Die Ehe ist nicht wirklich wichtig für mich. Eine der interessanten Sachen
zum Thema Ehe und Familienleben seit dem 19.Jahrhundert ist, dass sie den
Grossteil ihres wirtschaftlichen Zwecks verloren haben [z.B. patriarchaler
männlicher Brotverdiener kombiniert mit weiblicher Hausfrau/häuslicher
Dienerin], und genauso ist es mit der fast ausschließlich ideologischen
Funktion der Liebe und persönlichen Erfüllung. [Das ist ein spekulativer
Grund für hochschnellende Scheidungsraten].
| Bunning:
Manchmal sagen Leute zu mir: "Schwule, die haben jetzt Gleichheit, warum
akzeptieren sie das nicht, ich bin Hetero und ich fordere ja auch keinen
Heterotag oder Heterorechte". Was würdest du darauf antworten? |
Halperin:
Das ist Tom Robinson - "Glad to be gay": "Belüg deine Arbeitskollegen. Belüg
deine Leute. Bring die Tunten zum Schweigen. Erzähl queerfeindliche Witze.
Die ‚Schwulenbefreiung ist lächerlich'. Stimm mit in das Gelächter ein. ‚Die
Scheißkerle haben jetzt Rechte: was wollen sie denn noch?" Und das war im
Jahr 1978!
Zunächst mal sind wir jetzt nicht legal, wir sind immer noch nicht legal.

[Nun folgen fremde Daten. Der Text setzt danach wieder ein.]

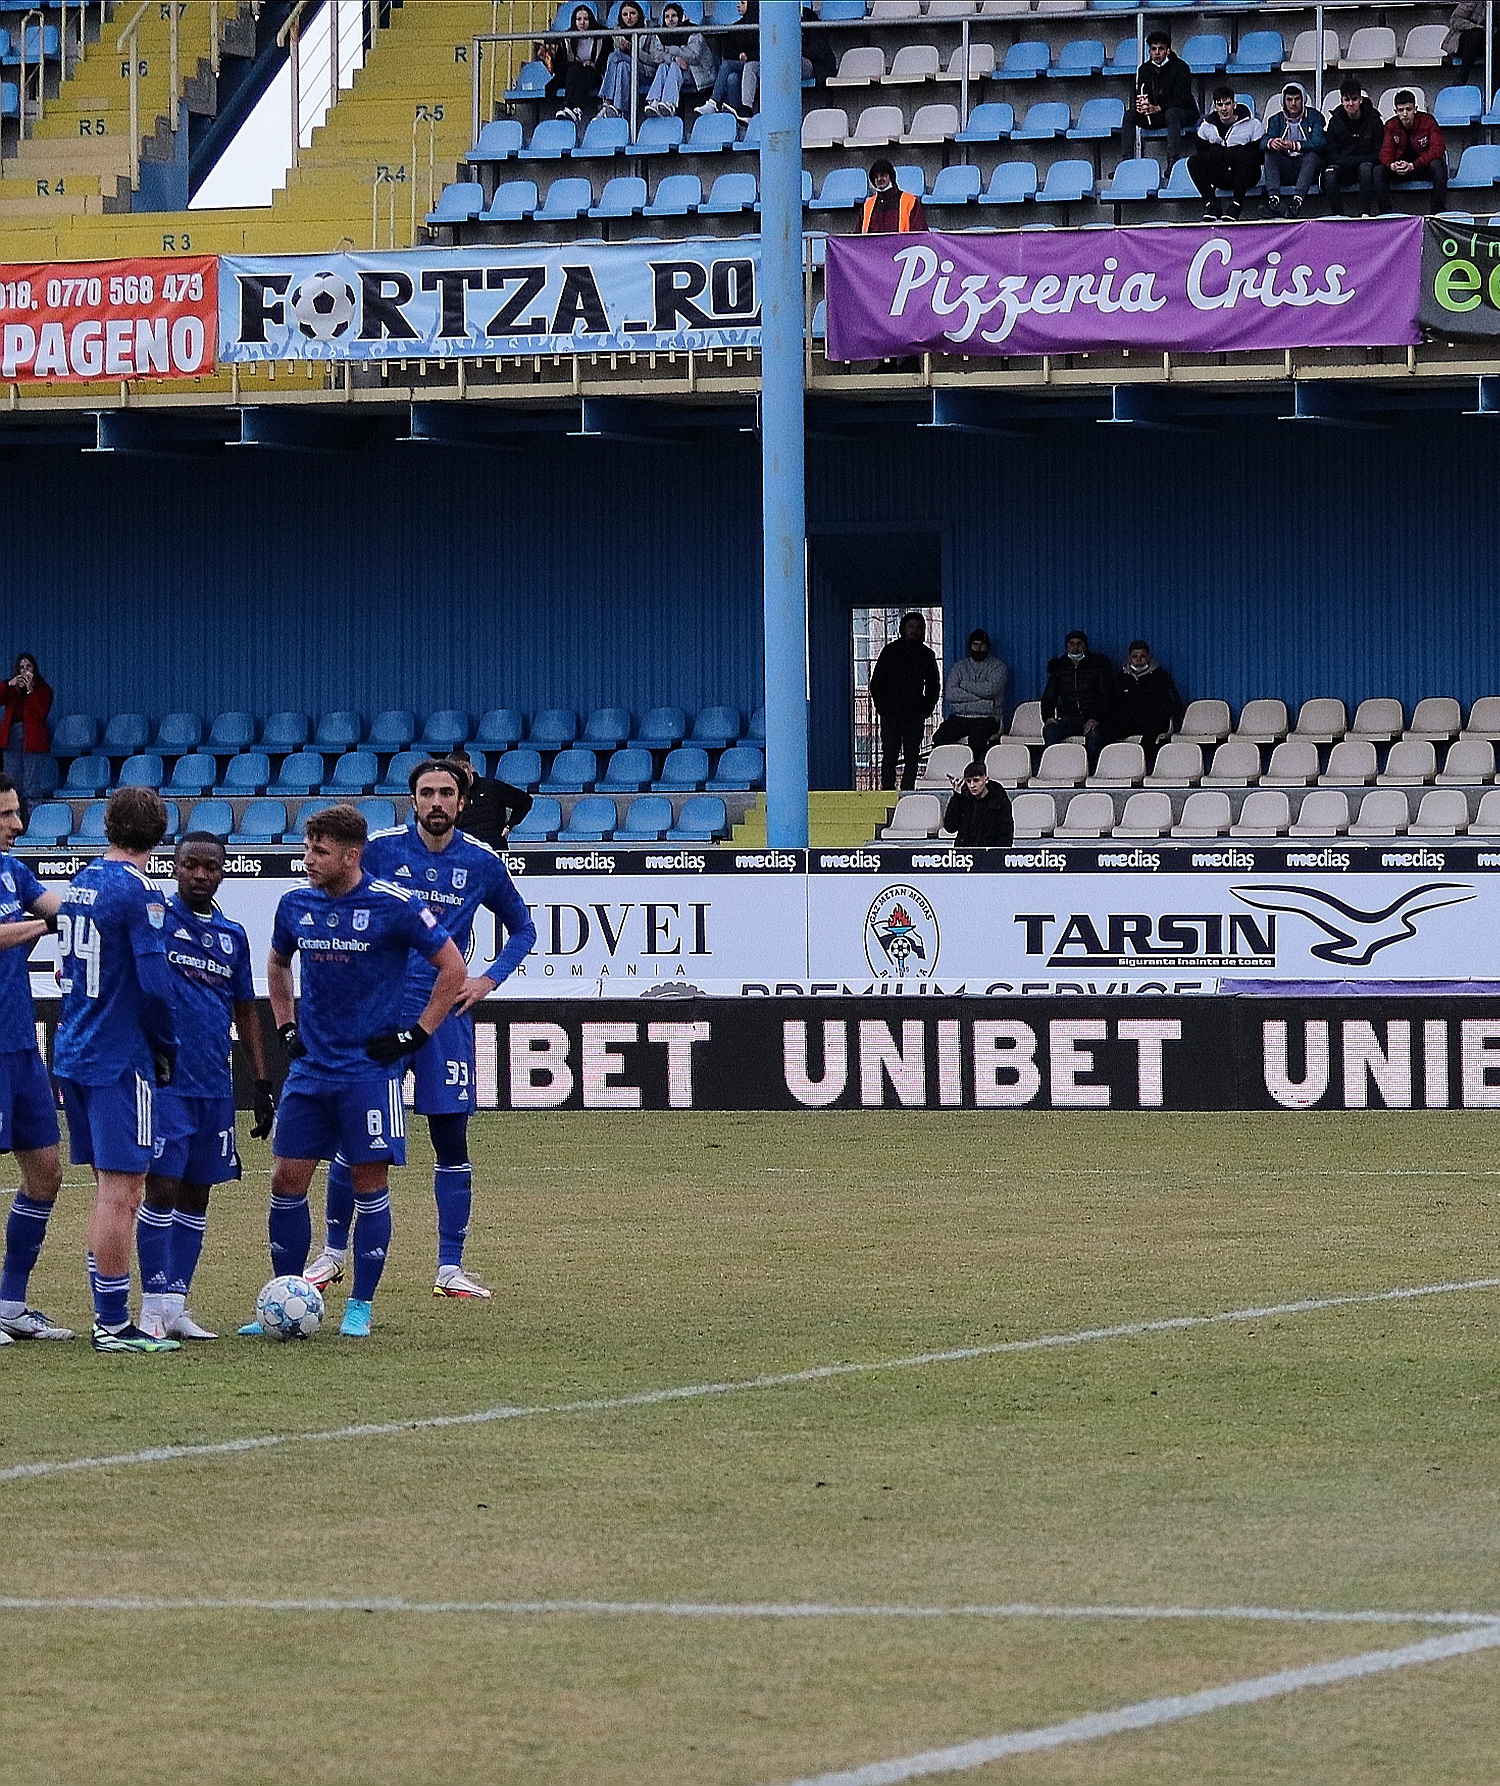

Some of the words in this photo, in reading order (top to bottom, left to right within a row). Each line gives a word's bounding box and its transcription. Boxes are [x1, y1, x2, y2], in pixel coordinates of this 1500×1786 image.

[47, 276, 102, 308] 0770
[110, 274, 154, 306] 568
[162, 272, 204, 302] 473
[890, 243, 1166, 345] Pizzeria
[1186, 237, 1356, 311] Criss
[1, 314, 206, 378] PAGENO
[38, 857, 87, 875] medi
[145, 856, 174, 877] diaș
[878, 888, 907, 906] METAN
[1014, 914, 1277, 955] TARSIN
[1221, 957, 1236, 966] de
[1238, 957, 1272, 966] toate
[445, 1060, 469, 1086] 33
[472, 1018, 712, 1109] IBET
[782, 1018, 1182, 1109] UNIBET
[366, 1109, 382, 1136] 8
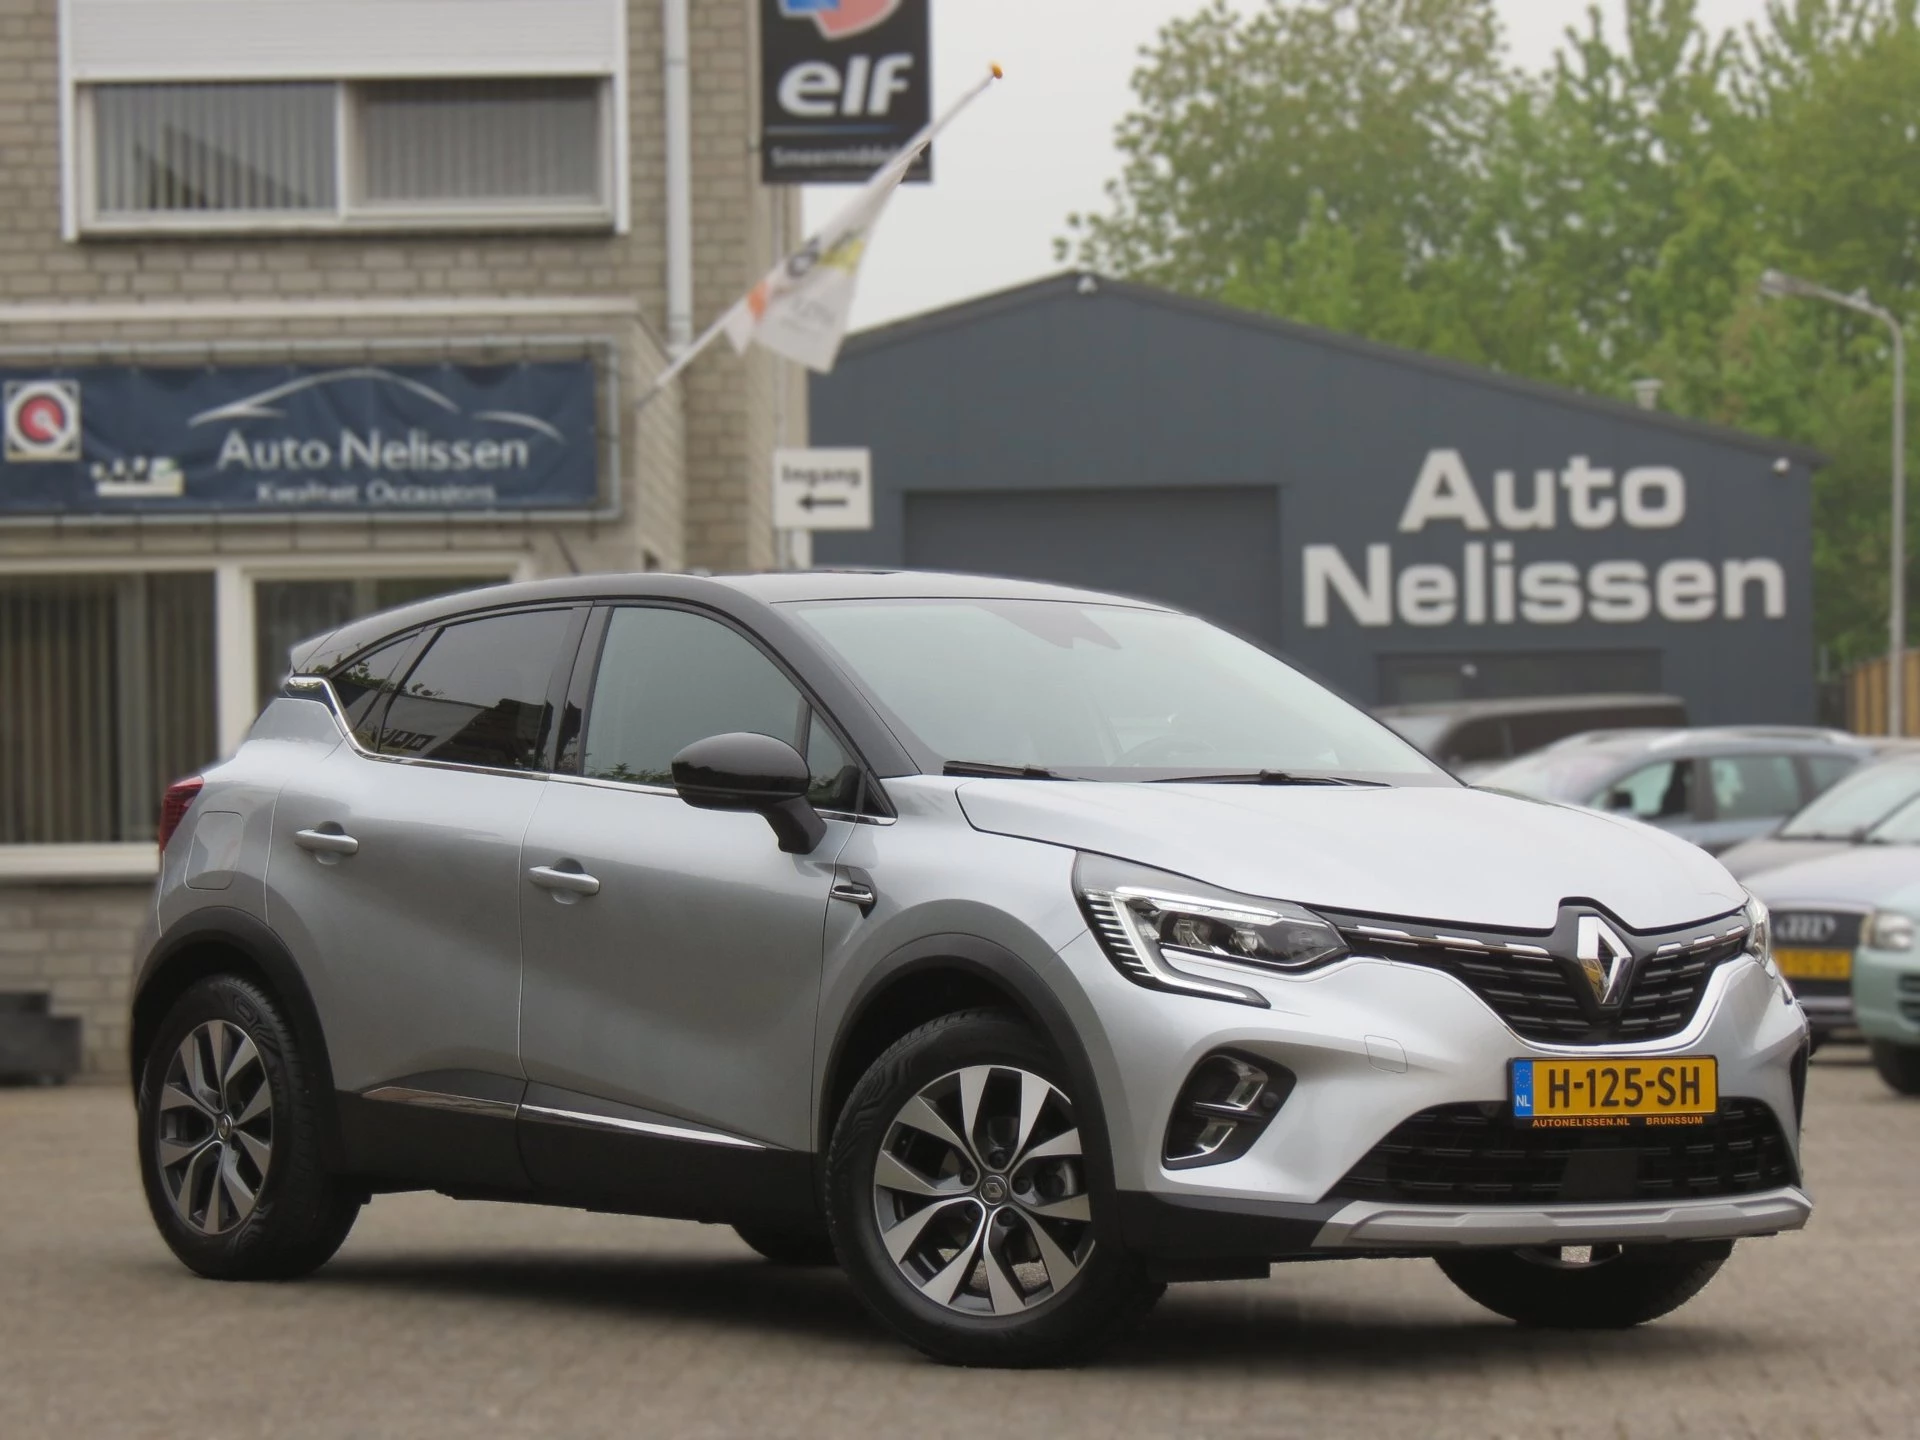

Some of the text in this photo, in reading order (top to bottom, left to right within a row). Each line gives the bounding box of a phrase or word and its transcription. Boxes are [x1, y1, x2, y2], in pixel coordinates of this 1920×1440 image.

[777, 53, 914, 117] elf
[217, 428, 529, 471] Auto Nelissen
[1398, 448, 1687, 533] Auto
[1302, 540, 1787, 628] Nelissen
[1516, 1066, 1700, 1109] NL H-125-SH
[1532, 1116, 1703, 1127] AUTONELISSEN.NL BRUNSSUM

Wir können Sex haben, aber wir haben keine Immigrationsprivilegien, wir
haben keine Partnerschaftsprivilegien, wir haben keine Beziehungsrechte, und
wir müssen noch einen weiten Weg gehen, um sie zu bekommen. Gleichzeitig
werden wir in einigen Ländern vermehrt als Gleiche anerkannt, und vielleicht
bedeutet das, dass radikale Queers möglicherweise andere Themen finden
müssen.
| Bunning:
Für wie wichtig hältst du Theorie für die Erlangung queerer Rechte? |
Halperin:
Ich denke Theorie kann hilfreich sein, aber ich weiß, dass der Grossteil der
Theorie, die ich gemacht habe, sehr stark von der Bewegung beeinflusst
worden ist. Ich glaube, dass TheoretikerInnen sehr selten genauso kreativ,
erfindungsreich oder unverwechselbar sind, wie die Bewegung, die sie umgibt.
Es ist sehr ungewöhnlich, wenn soziale Bewegungen den TheoretikerInnen nicht
voraus sind.
| Bunning:
Glaubst du, dass queere TheoretikerInnen den aktiveren queeren Bewegungen
genug Aufmerksamkeit schenken, oder befinden sie sich in einer
"Elfenbeinturm"-Situation? |
Halperin:
Als ich mit Queer Studies angefangen habe dachte ich, dass meine Tätigkeit
zum akademischen Flügel einer größeren Bewegung gehört, einer Bewegung, die
ihren Ursprung außerhalb der Universitäten hat. Jetzt scheint es so, als
wären diejenigen innerhalb der Universität das, was von der Bewegung übrig
ist. Das ist wirklich eine komische Situation, weil wir immer das Gefühl
hatten, dass wir unsere Einflüsse von der Bewegung bekommen, und jetzt
müssen wir es auf eine Art alles selbst machen.